# Ratings Experiments



## 5280driver (Apr 10, 2018)

As I stated in my first and only post here, I am getting out of the rideshare game/scam. As I am 100% unconcerned with deactivation, thought I might allow you to participate. Anything you would like to see a pax reaction too? Let me know, I will make it happen & hopefully get it on video!


----------



## Stevie The magic Unicorn (Apr 3, 2018)

5280driver said:


> As I stated in my first and only post here, I am getting out of the rideshare game/scam. As I am 100% unconcerned with deactivation, thought I might allow you to participate. Anything you would like to see a pax reaction too? Let me know, I will make it happen & hopefully get it on video!


1. The Meow Game






2. Mix a small candy bowl with M&Ms and skittles, wait for the reaction.

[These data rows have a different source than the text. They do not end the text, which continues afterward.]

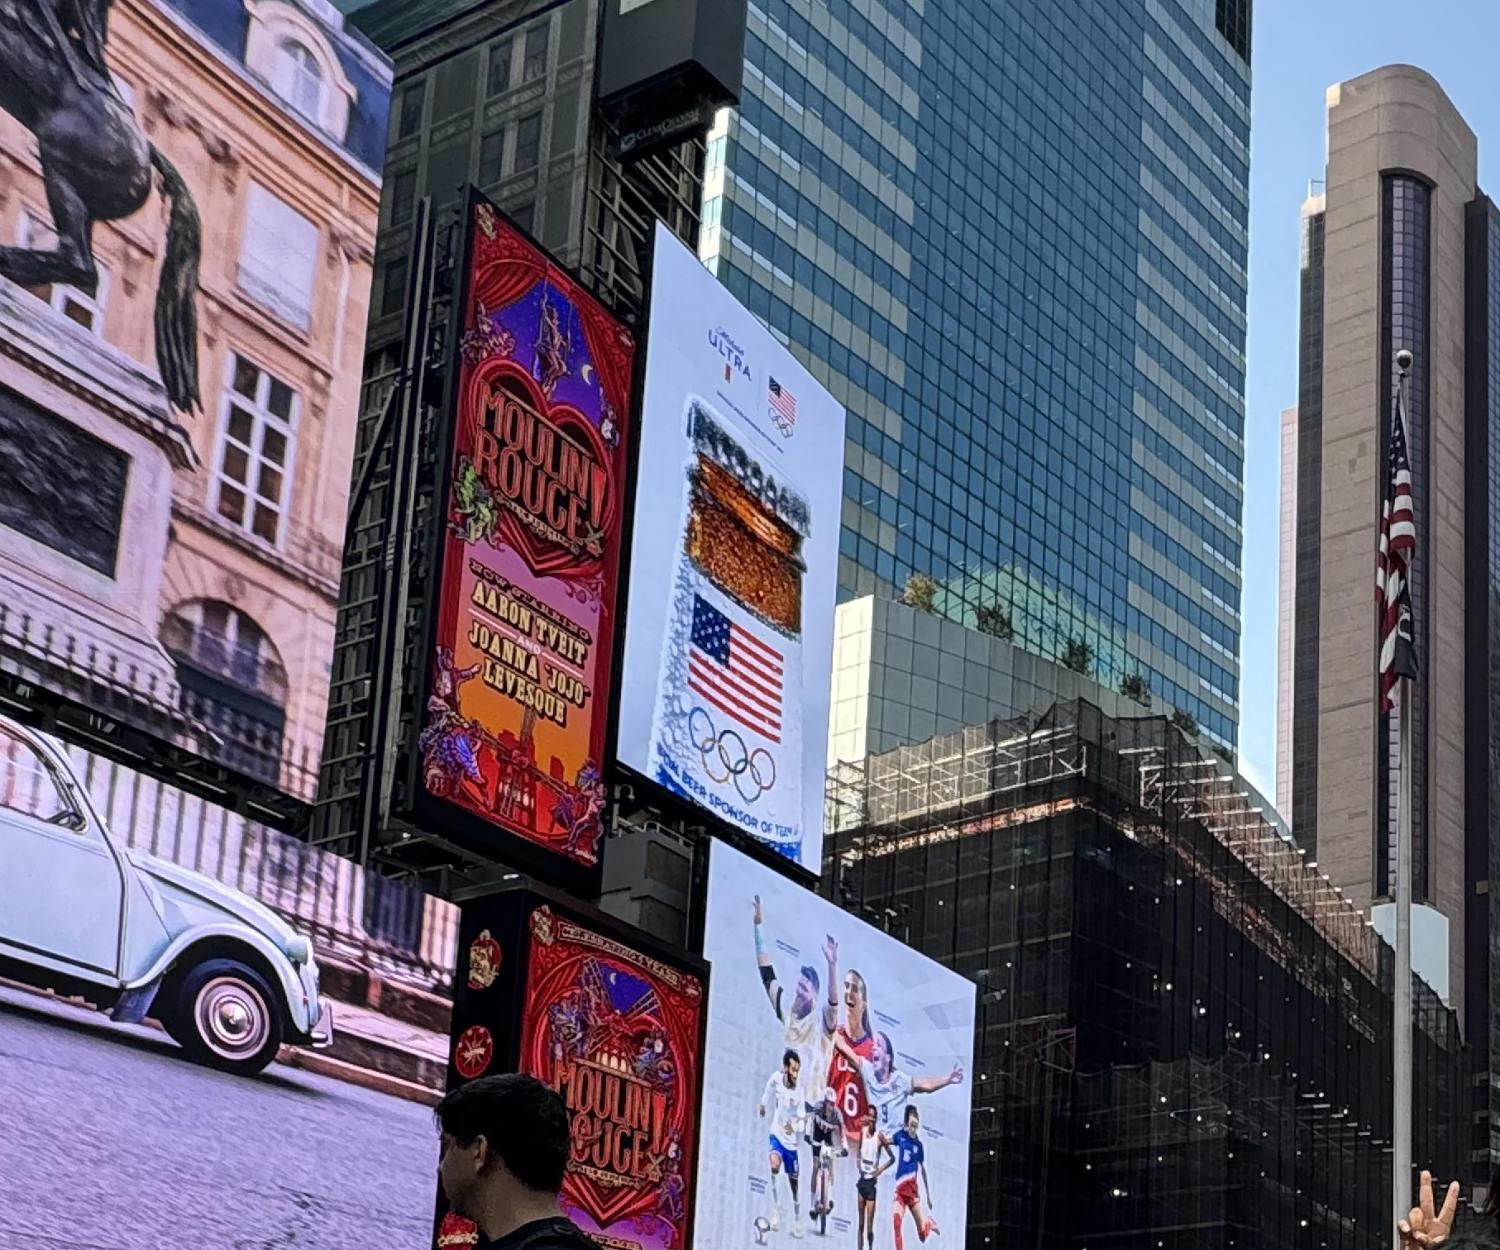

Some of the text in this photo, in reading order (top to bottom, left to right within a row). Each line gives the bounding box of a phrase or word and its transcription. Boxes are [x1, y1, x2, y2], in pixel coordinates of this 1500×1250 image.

[708, 329, 752, 382] ULTRA
[477, 380, 590, 500] MOULIN
[469, 621, 539, 680] JOANNA
[472, 580, 586, 665] AARON TVEIT
[517, 636, 541, 655] AND
[483, 658, 566, 724] LEVESQUE
[682, 770, 706, 797] BEER
[709, 792, 760, 830] SPONSOR
[761, 821, 773, 835] OF
[554, 1060, 652, 1131] MOULIN
[843, 1082, 858, 1117] 6

Literally anything inspired by this picture


----------



## Homie G (Oct 19, 2017)

Sure, next no tipper you get, tell them hey wait a second. Then throw a crumbled up $1 stain soaked bill you got from the last stripper at them and say here's another tip. Don't pizz in the wind you cheap paxhole.


----------



## Pax Collector (Feb 18, 2018)

Have Alex Jones on full blast throughout the ride.


----------



## Mista T (Aug 16, 2017)

Pick up someone only going ten blocks, then pull into the gas station and announce you need gas. Keep the meter running.


----------



## henrygates (Mar 29, 2018)

Drive a mile in the other direction to the gas station.


----------



## Saltyoldman (Oct 18, 2016)

5280driver said:


> As I stated in my first and only post here, I am getting out of the rideshare game/scam. As I am 100% unconcerned with deactivation, thought I might allow you to participate. Anything you would like to see a pax reaction too? Let me know, I will make it happen & hopefully get it on video!

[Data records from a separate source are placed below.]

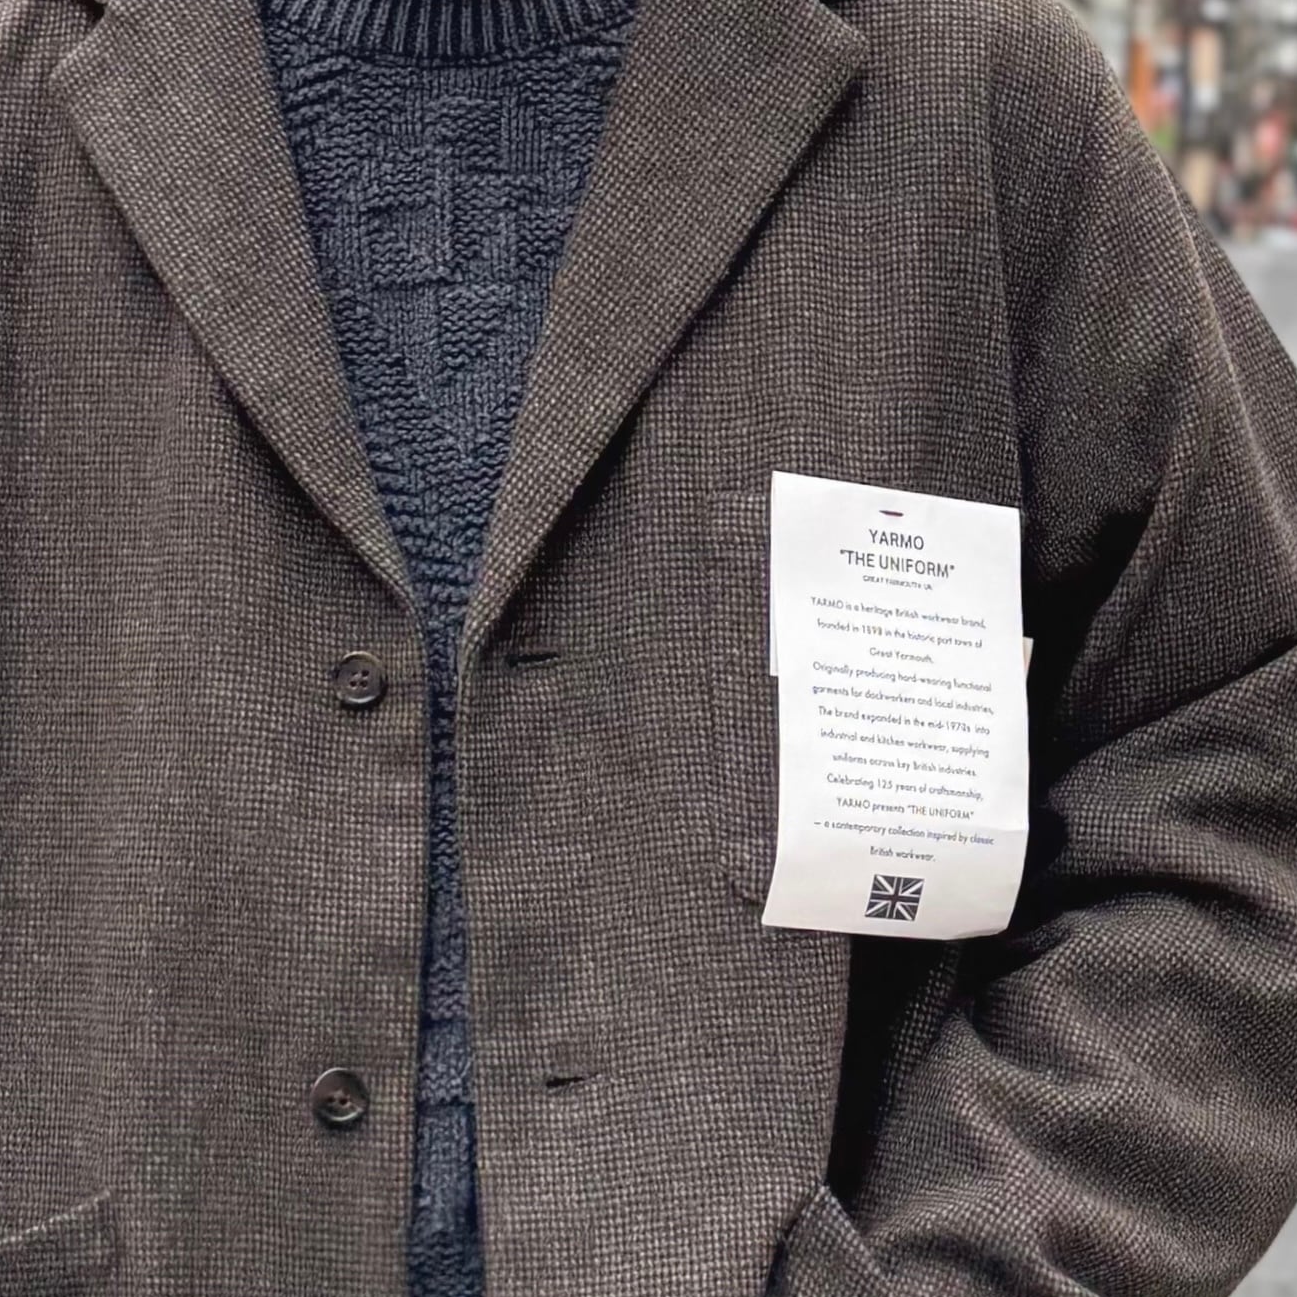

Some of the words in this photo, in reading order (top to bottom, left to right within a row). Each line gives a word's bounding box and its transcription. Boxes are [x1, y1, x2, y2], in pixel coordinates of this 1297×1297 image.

[868, 528, 925, 551] YARMO
[879, 553, 955, 579] UNIFORM"
[811, 596, 844, 609] YARMO
[846, 603, 852, 611] is
[854, 604, 859, 612] a
[861, 602, 893, 618] heritage
[895, 607, 919, 619] British
[922, 613, 959, 624] workwear
[817, 617, 850, 632] founded
[894, 629, 906, 639] the
[937, 636, 953, 646] port
[975, 639, 983, 648] of
[870, 646, 893, 658] Great
[813, 660, 854, 677] Originally
[856, 668, 896, 683] producing
[953, 677, 992, 692] functional
[812, 685, 849, 697] garments
[851, 686, 863, 698] for
[865, 689, 915, 704] dockworkers
[917, 697, 933, 707] and
[935, 698, 954, 709] local
[819, 704, 833, 716] The
[835, 707, 859, 720] brand
[861, 713, 902, 725] expanded
[913, 717, 925, 727] the
[975, 726, 990, 735] into
[821, 728, 857, 742] industrial
[860, 734, 875, 743] and
[952, 745, 989, 759] supplying
[833, 752, 867, 765] uniforms
[897, 759, 911, 772] key
[913, 760, 936, 772] British
[827, 772, 874, 790] Celebrating
[878, 778, 893, 790] 125
[896, 783, 917, 792] years
[919, 783, 927, 794] of
[837, 797, 871, 810] YARMO
[872, 802, 905, 814] presents
[824, 820, 830, 828] a
[832, 821, 887, 836] contemporary
[888, 824, 925, 838] collection
[927, 831, 957, 842] inspired
[958, 831, 968, 845] by
[970, 833, 994, 845] classic
[870, 845, 894, 857] British

Fire up a doobie, then say 'I would offer you a hit but this has PCP in it'


----------



## Homie G (Oct 19, 2017)

Saltyoldman said:


> Fire up a doobie, then say 'I would offer you a hit but this has PCP in it'


Right on. Smoke em if you got em


----------



## DustyToad (Jan 10, 2018)

+1 for Meow game


----------



## Saltyoldman (Oct 18, 2016)

DustyChode said:


> +1 for Meow game


You listen up right meow


----------



## Mista T (Aug 16, 2017)

Drive wrong direction. Tell pax you are new, but you really love this "Ride Sharing" stuff. Tell them you are now on the way to pick up your cousin Pookie, he is waiting about 36 blocks ahead. Isn't it great, sharing rides? And since you have enough room in the car, you will also be picking up your ex. Boy, hope they are in a good mood, sometimes ya gotta walk on eggshells with the ex, but they smoked up a bit earlier today so they should be fine by now.


----------



## Big Wig !!! (Sep 16, 2016)

Halfway through the trip pull over and tell them their card ran out of funds and L/U ended their trip.



Mista T said:


> Pick up someone only going ten blocks, then pull into the gas station and announce you need gas. Keep the meter running.


Wait in line at the counter instead of paying the pump.

Best of all, eat a large bean burrito before start your shift.


----------



## upyouruber (Jul 24, 2017)

Mista T said:


> Drive wrong direction. Tell pax you are new, but you really love this "Ride Sharing" stuff. Tell them you are now on the way to pick up your cousin Pookie, he is waiting about 36 blocks ahead. Isn't it great, sharing rides? And since you have enough room in the car, you will also be picking up your ex. Boy, hope they are in a good mood, sometimes ya gotta walk on eggshells with the ex, but they smoked up a bit earlier today so they should be fine by now.


Yeah, you gotta pick up Pookie from White Castle along with Harold and Kumar LOL!


----------



## Nonya busy (May 18, 2017)

5280driver said:


> As I stated in my first and only post here, I am getting out of the rideshare game/scam. As I am 100% unconcerned with deactivation, thought I might allow you to participate. Anything you would like to see a pax reaction too? Let me know, I will make it happen & hopefully get it on video!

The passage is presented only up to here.